Suppression of sex behavior by kappa opiates and stress steroids occurs via independent neuroendocrine pathways

Abstract

Endocannabinoids and their receptors are found throughout the brain of all vertebrates. By virtue of their wide distribution, endocannabinoids have the potential to affect many behaviors. Prior research has shown that cannabinoids inhibit courtship-clasping and mediate behavioral responses to stress in male rough-skinned newts, Taricha granulosa, and cannabinoid signaling is initiated by rapid actions of the steroid corticosterone (CORT) at its specific membrane receptor (mCR).

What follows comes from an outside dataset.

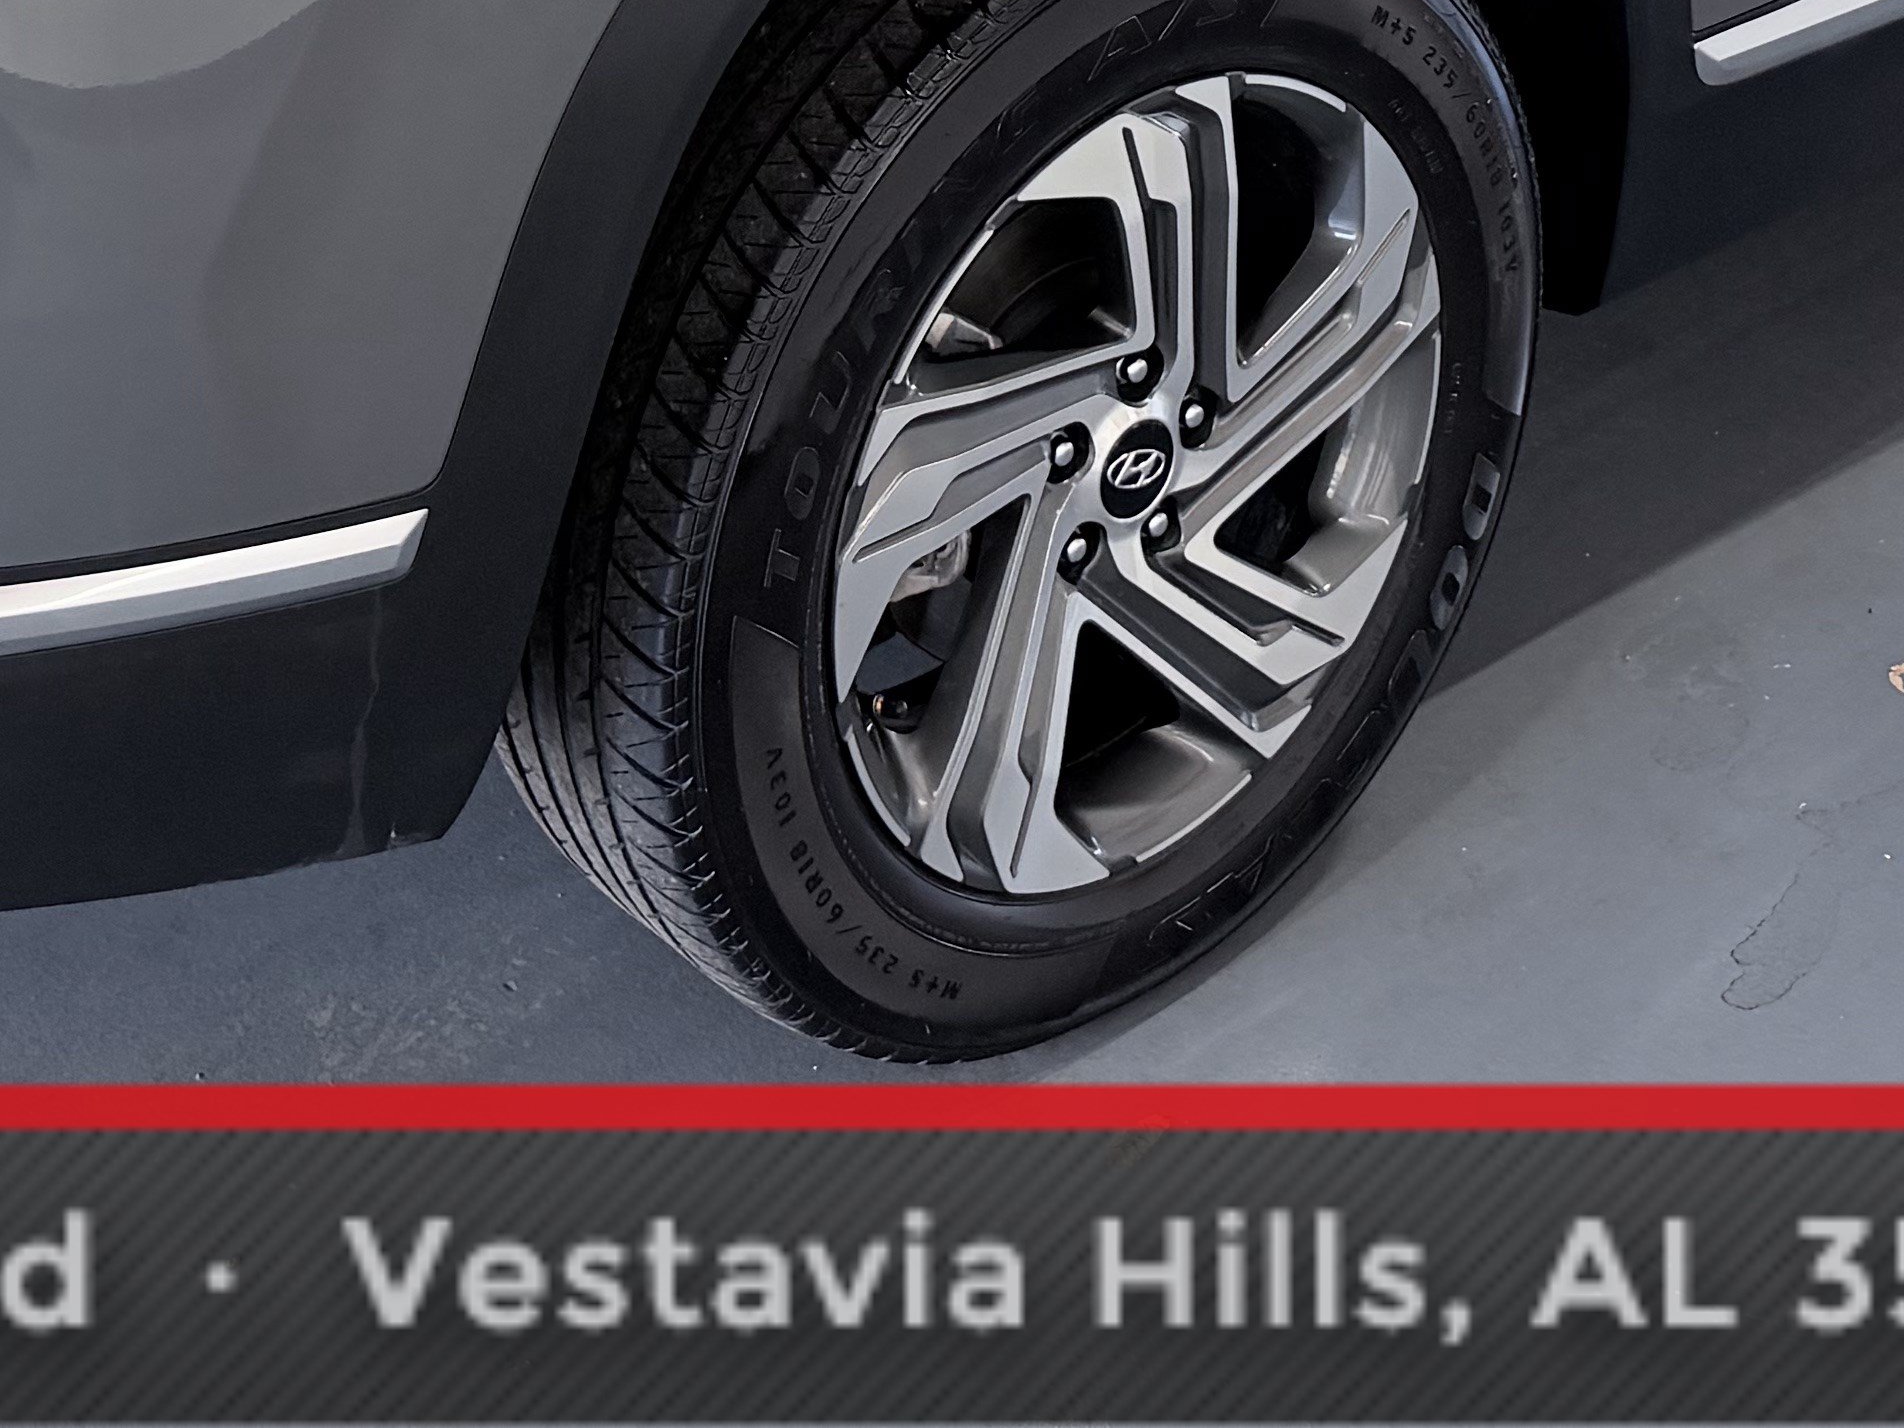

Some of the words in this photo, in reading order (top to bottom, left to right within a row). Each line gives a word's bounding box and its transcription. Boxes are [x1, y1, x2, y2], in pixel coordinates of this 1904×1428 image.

This same mCR also recognizes κ-opioid receptor agonists and antagonists. Prior behavioral studies show that κ-opioid agonists suppress clasping behavior in a dose dependent manner. Combined, these studies suggest that κ-opioid agonists might suppress clasping behavior via the same pathway initiated by CORT: up-regulation of endocannabinoid signaling. We examined whether pretreatment with a CB1 antagonist, AM281, would block κ-opioid-mediated suppression of clasping. We found that the CB1 antagonist did not reverse κ-opioid-induced suppression of clasping, revealing that while endocannabinoids mediate CORT-induced suppression of clasping, endocannabinoids do not mediate the κ-opioid-induced suppression of clasping.